▸ **Aim of the task**:
Print the entries underneath word for word, omitting whatever pictures they contain.

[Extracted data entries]
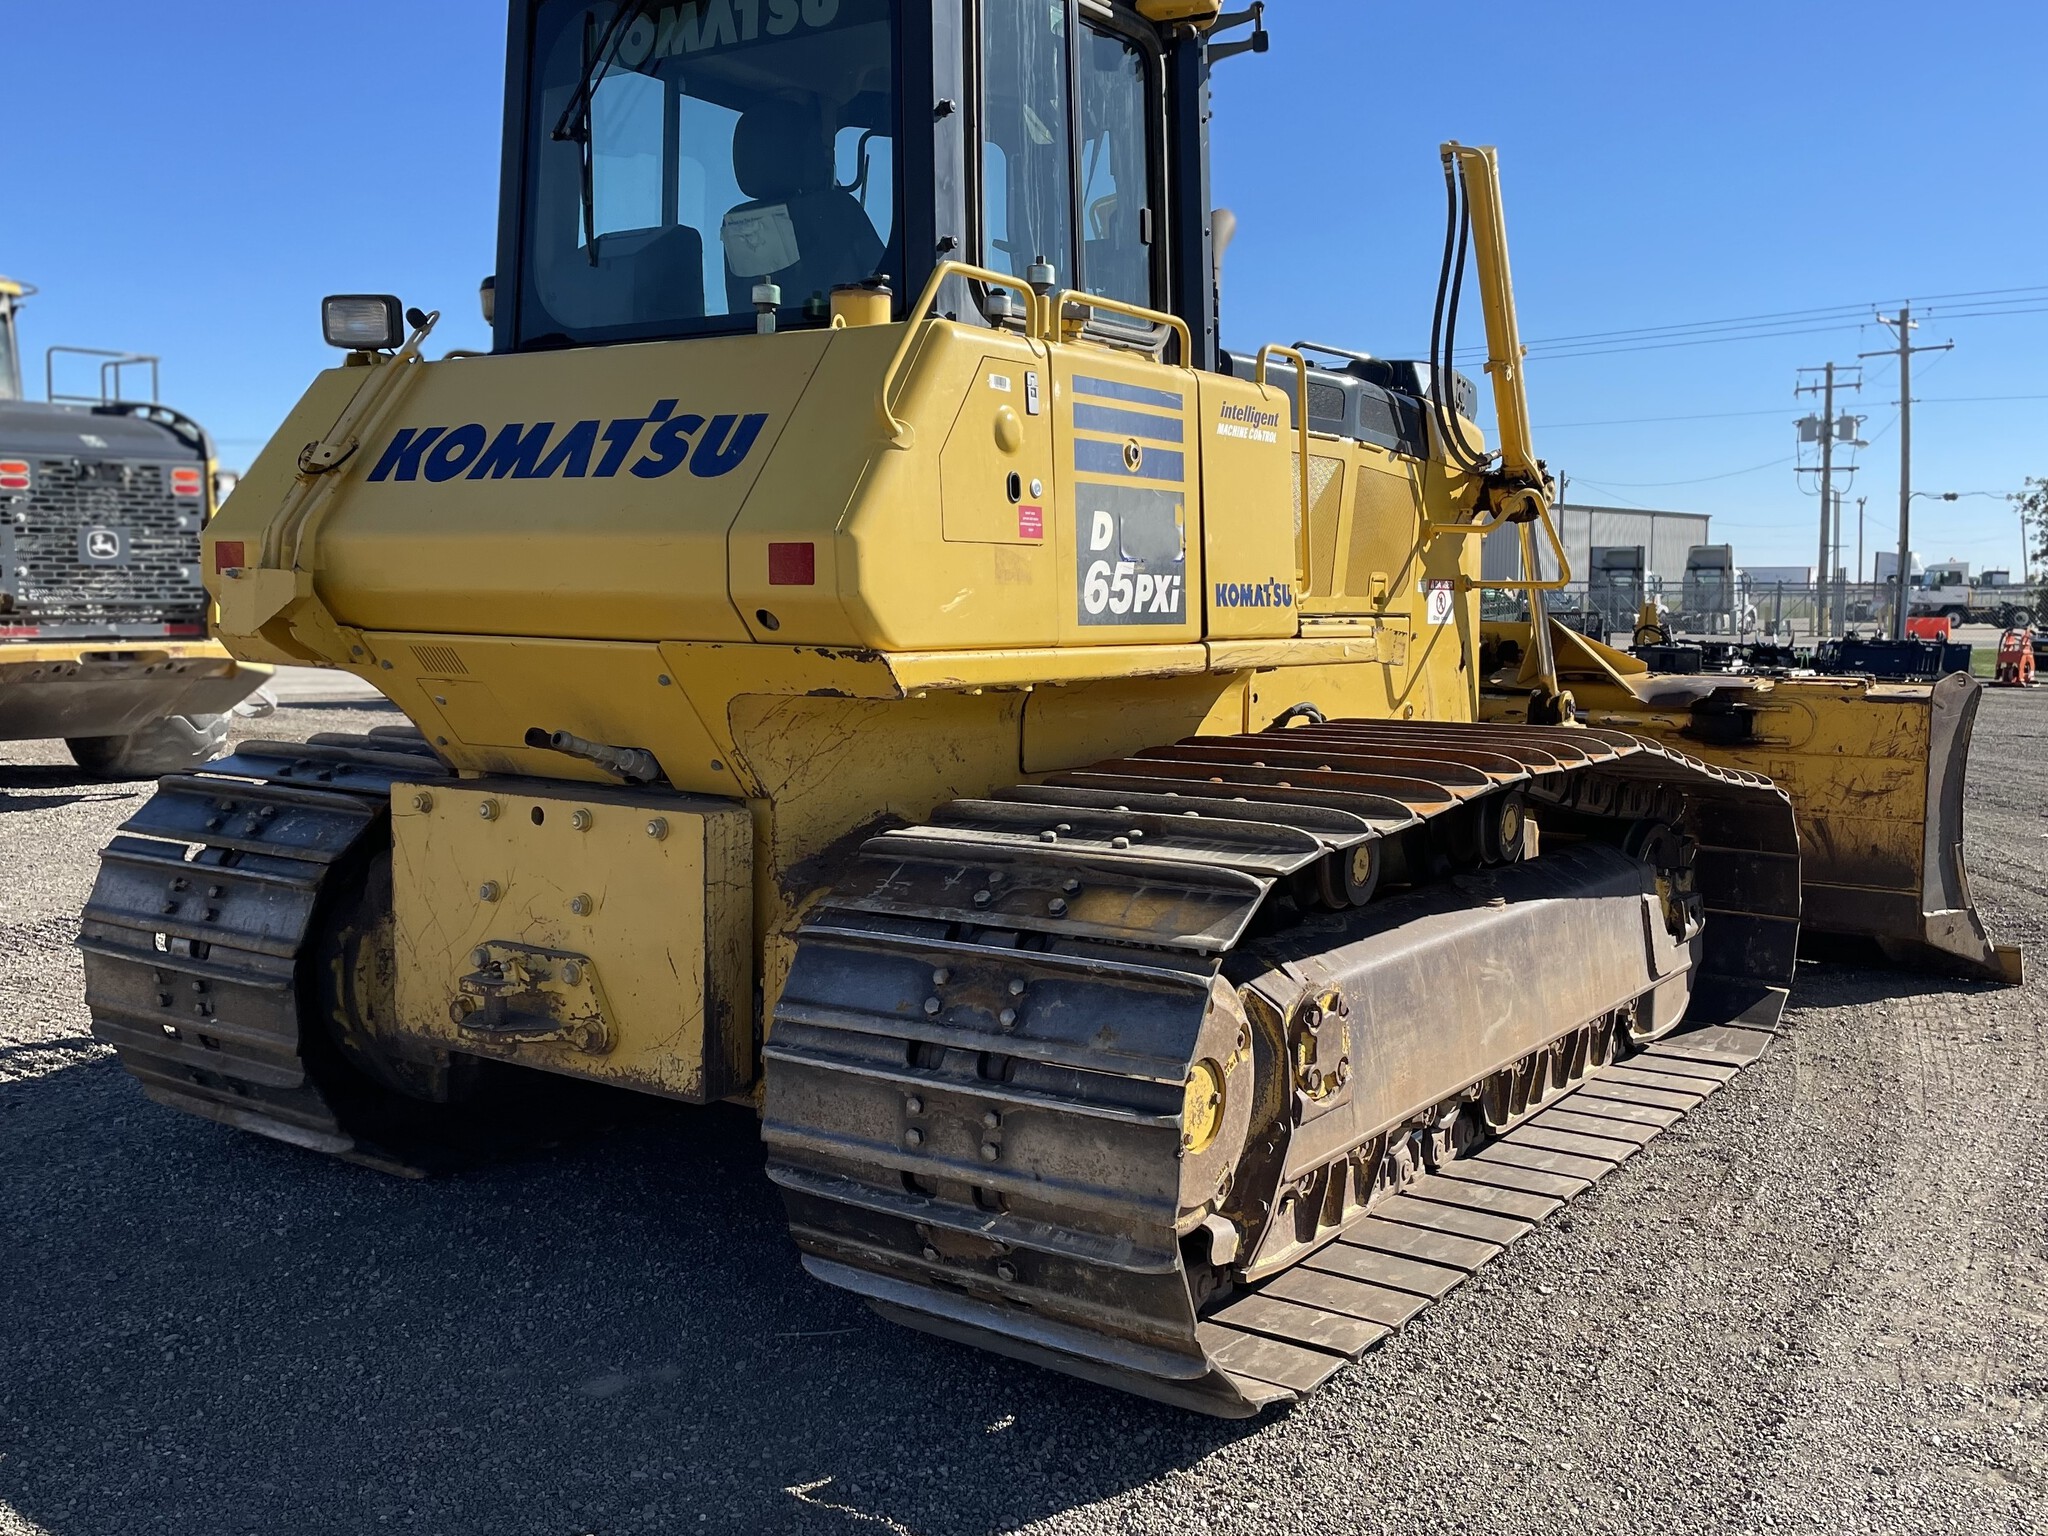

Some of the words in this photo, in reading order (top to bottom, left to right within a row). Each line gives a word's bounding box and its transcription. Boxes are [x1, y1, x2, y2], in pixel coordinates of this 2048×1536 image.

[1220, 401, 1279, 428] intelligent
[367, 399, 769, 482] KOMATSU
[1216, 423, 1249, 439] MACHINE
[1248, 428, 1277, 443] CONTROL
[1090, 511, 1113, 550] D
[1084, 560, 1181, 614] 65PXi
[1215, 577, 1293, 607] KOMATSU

▸ **Task solution**:
Some of the words in this photo, in reading order (top to bottom, left to right within a row). Each line gives a word's bounding box and its transcription. Boxes are [x1, y1, x2, y2], in pixel coordinates of this 2048×1536 image.

[1220, 401, 1279, 428] intelligent
[367, 399, 769, 482] KOMATSU
[1216, 423, 1249, 439] MACHINE
[1248, 428, 1277, 443] CONTROL
[1090, 511, 1113, 550] D
[1084, 560, 1181, 614] 65PXi
[1215, 577, 1293, 607] KOMATSU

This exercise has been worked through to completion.